How to Train Recursive Models?

A frontier in adaptive compute

Trelis Research

Dec 18, 2025

TL;DR

- I swapped out the transformer in @karpathy’s Nanochat for a recursive transformer
- It performs similarly when trained iso-FLOPs, but needs ~50% fewer parameters
- Using recursion opens up a path to adaptive compute without the need for long reasoning traces

SETUP:

- Nanochat is a 20 layer model
- I swapped out the middle 16 layers with a recursive 4-layer block. So, 2 prelude layers + 4 recursive layers (recursed 4x times on average) + 2 coda layers = 20 effective layers.
- Training is iso-data & iso-flops

RESULTS:

- The core/aggregate score is a little lower than the 20 layer model
- gsm8k is a little bit higher, and shows a meaningful effect of varying the number of recurrences at inference time

WHY IS RECURSION INTERESTING?

You get a lower parameter model with similar performance => inference on smaller devices or fewer GPUs (allows smaller pipeline bubbles)
Opens up adaptive compute -> you vary inference compute based on difficulty

IDEAS FROM LITERATURE ON ADAPTIVE COMPUTE

- You can vary compute per token by recursing until the predicted probability distribution starts to look the same! No need for a trained halting head.
- You can save on kv cache by just storing the state from the last recursion (throw out info from earlier recursions), it works!
- For continuous batching with adaptive compute you probably need to separate the recursive block from prelude/code OR drop prelude/coda perhaps.

OUTLOOK

- Probably big labs are or should incorporate adaptive compute?
- Expect libraries like SGLang and vLLM and perhaps Nvidia Dynamo to start supporting it.
- Big for edge device inference.

Many thanks to Sean McLeish for discussions in preparing this video/tweet.

References:

- Recursion & Adaptive Compute: https://arxiv.org/abs/2502.05171

- TRM Paper: https://arxiv.org/abs/2510.04871

Github Repo (see the `recursive` branch)
One-click Runpod Template
Original Karpathy Repo

💡 Done-for-you Custom Fine-tuning Services
Learn More: https://trelis.com/fine-tuning-services/

💸 Starting a New Project/Venture?
Apply for a Trelis Grant: https://trelis.com/trelis-ai-grants/

📧 Get Trelis AI Tutorials by Email
Subscribe on Substack: https://trelis.substack.com

TIMESTAMPS:

0:00 Recursive Nanochat - a comparison with Karpathy’s 500M parameter model

3:07 Benchmark Results on Recursive Nanochat

5:54 What are the benefits of recursive models?

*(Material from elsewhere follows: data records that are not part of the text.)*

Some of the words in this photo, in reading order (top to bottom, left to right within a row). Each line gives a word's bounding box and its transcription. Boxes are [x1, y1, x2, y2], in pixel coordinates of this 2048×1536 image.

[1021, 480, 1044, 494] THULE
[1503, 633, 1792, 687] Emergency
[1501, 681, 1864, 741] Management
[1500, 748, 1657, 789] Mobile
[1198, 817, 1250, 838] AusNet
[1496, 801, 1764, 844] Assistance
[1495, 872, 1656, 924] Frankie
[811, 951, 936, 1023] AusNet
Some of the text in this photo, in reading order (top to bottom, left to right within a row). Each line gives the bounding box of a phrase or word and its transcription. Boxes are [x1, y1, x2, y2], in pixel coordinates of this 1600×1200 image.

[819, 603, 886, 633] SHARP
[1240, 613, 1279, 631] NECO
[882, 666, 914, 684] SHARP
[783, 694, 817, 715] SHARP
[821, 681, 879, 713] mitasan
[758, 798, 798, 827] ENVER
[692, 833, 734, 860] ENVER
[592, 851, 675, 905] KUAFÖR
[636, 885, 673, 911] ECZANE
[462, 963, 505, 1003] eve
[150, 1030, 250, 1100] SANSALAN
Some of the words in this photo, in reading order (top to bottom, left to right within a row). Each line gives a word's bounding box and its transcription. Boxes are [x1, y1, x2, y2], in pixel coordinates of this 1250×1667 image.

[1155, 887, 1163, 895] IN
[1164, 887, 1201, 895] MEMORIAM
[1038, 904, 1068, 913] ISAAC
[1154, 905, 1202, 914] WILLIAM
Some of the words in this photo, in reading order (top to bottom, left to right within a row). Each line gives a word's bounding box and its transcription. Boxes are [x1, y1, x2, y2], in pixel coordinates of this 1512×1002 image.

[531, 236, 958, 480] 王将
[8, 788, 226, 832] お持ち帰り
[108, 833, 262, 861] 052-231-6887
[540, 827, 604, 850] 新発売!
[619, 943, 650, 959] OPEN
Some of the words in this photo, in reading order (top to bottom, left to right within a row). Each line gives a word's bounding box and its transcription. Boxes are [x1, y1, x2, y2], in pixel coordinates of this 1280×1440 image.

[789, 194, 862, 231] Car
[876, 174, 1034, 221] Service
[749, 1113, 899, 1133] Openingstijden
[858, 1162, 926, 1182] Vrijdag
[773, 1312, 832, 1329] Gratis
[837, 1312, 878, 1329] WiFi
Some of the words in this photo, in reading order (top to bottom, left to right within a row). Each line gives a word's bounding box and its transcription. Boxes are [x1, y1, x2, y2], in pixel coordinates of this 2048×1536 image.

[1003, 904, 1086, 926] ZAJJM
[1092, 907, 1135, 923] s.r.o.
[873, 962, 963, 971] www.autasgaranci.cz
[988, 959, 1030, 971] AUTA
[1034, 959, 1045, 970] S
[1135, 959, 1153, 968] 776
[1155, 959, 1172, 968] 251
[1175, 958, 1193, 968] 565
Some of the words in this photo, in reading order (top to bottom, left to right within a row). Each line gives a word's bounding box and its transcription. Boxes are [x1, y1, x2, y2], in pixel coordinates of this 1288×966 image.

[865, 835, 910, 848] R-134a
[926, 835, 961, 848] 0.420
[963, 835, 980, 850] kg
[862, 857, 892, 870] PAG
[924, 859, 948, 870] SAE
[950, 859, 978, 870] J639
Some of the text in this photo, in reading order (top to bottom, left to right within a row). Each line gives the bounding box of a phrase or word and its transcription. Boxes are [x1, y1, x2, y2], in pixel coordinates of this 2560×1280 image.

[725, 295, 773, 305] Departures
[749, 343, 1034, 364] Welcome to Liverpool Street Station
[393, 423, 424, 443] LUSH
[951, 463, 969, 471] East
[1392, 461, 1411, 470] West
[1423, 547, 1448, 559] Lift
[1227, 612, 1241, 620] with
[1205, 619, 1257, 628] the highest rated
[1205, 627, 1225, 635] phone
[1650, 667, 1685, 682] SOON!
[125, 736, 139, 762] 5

6:52 Recursive Models allow inference on smaller devices and fewer GPUs

8:07 Recursive Models open a pathway to adaptive compute

9:39 Recursive vs Non-recursive Architecture

13:48 How to handle the recursive stream via an adapter

16:49 Training for adaptive compute / recursions - Poisson log-normal recursion sampling

18:14 Handling torch.compile with recursive models

20:07 Implementing adaptive compute (stopping recursions early)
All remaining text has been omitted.